ASSIGNMENT:
Reproduce all records below exactly.

Stored data entries
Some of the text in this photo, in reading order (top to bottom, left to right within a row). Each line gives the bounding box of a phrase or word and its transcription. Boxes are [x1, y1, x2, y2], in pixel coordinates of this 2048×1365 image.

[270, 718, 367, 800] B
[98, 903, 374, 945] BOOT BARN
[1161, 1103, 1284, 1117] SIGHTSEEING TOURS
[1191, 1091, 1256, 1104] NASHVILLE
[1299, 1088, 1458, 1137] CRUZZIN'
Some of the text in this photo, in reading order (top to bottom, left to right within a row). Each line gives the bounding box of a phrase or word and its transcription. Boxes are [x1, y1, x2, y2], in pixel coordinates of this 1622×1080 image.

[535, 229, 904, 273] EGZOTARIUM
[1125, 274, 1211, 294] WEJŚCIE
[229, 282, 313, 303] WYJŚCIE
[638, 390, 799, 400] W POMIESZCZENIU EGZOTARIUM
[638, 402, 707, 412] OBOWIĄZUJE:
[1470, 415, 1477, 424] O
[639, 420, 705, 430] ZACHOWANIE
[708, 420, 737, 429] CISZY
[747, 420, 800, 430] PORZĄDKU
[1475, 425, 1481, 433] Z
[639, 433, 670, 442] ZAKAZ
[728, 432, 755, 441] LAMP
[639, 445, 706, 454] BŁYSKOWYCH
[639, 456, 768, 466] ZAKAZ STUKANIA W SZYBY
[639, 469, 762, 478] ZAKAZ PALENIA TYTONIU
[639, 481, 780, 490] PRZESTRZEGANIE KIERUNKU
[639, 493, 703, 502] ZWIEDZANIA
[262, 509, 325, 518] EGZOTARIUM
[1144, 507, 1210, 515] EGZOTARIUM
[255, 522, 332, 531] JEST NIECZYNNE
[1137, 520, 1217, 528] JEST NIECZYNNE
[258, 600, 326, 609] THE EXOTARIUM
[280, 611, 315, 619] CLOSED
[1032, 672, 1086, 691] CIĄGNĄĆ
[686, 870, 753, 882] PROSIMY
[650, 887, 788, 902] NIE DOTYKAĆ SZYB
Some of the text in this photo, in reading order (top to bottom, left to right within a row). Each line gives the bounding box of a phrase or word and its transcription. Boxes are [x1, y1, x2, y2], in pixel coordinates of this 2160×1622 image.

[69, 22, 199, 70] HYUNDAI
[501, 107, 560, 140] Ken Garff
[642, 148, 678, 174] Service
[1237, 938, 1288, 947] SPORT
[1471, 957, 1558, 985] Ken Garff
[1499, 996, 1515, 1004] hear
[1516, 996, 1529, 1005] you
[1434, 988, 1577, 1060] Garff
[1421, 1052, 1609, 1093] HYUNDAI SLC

EXERCISE RESULT:
Some of the text in this photo, in reading order (top to bottom, left to right within a row). Each line gives the bounding box of a phrase or word and its transcription. Boxes are [x1, y1, x2, y2], in pixel coordinates of this 2048×1365 image.

[270, 718, 367, 800] B
[98, 903, 374, 945] BOOT BARN
[1161, 1103, 1284, 1117] SIGHTSEEING TOURS
[1191, 1091, 1256, 1104] NASHVILLE
[1299, 1088, 1458, 1137] CRUZZIN'
Some of the text in this photo, in reading order (top to bottom, left to right within a row). Each line gives the bounding box of a phrase or word and its transcription. Boxes are [x1, y1, x2, y2], in pixel coordinates of this 1622×1080 image.

[535, 229, 904, 273] EGZOTARIUM
[1125, 274, 1211, 294] WEJŚCIE
[229, 282, 313, 303] WYJŚCIE
[638, 390, 799, 400] W POMIESZCZENIU EGZOTARIUM
[638, 402, 707, 412] OBOWIĄZUJE:
[1470, 415, 1477, 424] O
[639, 420, 705, 430] ZACHOWANIE
[708, 420, 737, 429] CISZY
[747, 420, 800, 430] PORZĄDKU
[1475, 425, 1481, 433] Z
[639, 433, 670, 442] ZAKAZ
[728, 432, 755, 441] LAMP
[639, 445, 706, 454] BŁYSKOWYCH
[639, 456, 768, 466] ZAKAZ STUKANIA W SZYBY
[639, 469, 762, 478] ZAKAZ PALENIA TYTONIU
[639, 481, 780, 490] PRZESTRZEGANIE KIERUNKU
[639, 493, 703, 502] ZWIEDZANIA
[262, 509, 325, 518] EGZOTARIUM
[1144, 507, 1210, 515] EGZOTARIUM
[255, 522, 332, 531] JEST NIECZYNNE
[1137, 520, 1217, 528] JEST NIECZYNNE
[258, 600, 326, 609] THE EXOTARIUM
[280, 611, 315, 619] CLOSED
[1032, 672, 1086, 691] CIĄGNĄĆ
[686, 870, 753, 882] PROSIMY
[650, 887, 788, 902] NIE DOTYKAĆ SZYB
Some of the text in this photo, in reading order (top to bottom, left to right within a row). Each line gives the bounding box of a phrase or word and its transcription. Boxes are [x1, y1, x2, y2], in pixel coordinates of this 2160×1622 image.

[69, 22, 199, 70] HYUNDAI
[501, 107, 560, 140] Ken Garff
[642, 148, 678, 174] Service
[1237, 938, 1288, 947] SPORT
[1471, 957, 1558, 985] Ken Garff
[1499, 996, 1515, 1004] hear
[1516, 996, 1529, 1005] you
[1434, 988, 1577, 1060] Garff
[1421, 1052, 1609, 1093] HYUNDAI SLC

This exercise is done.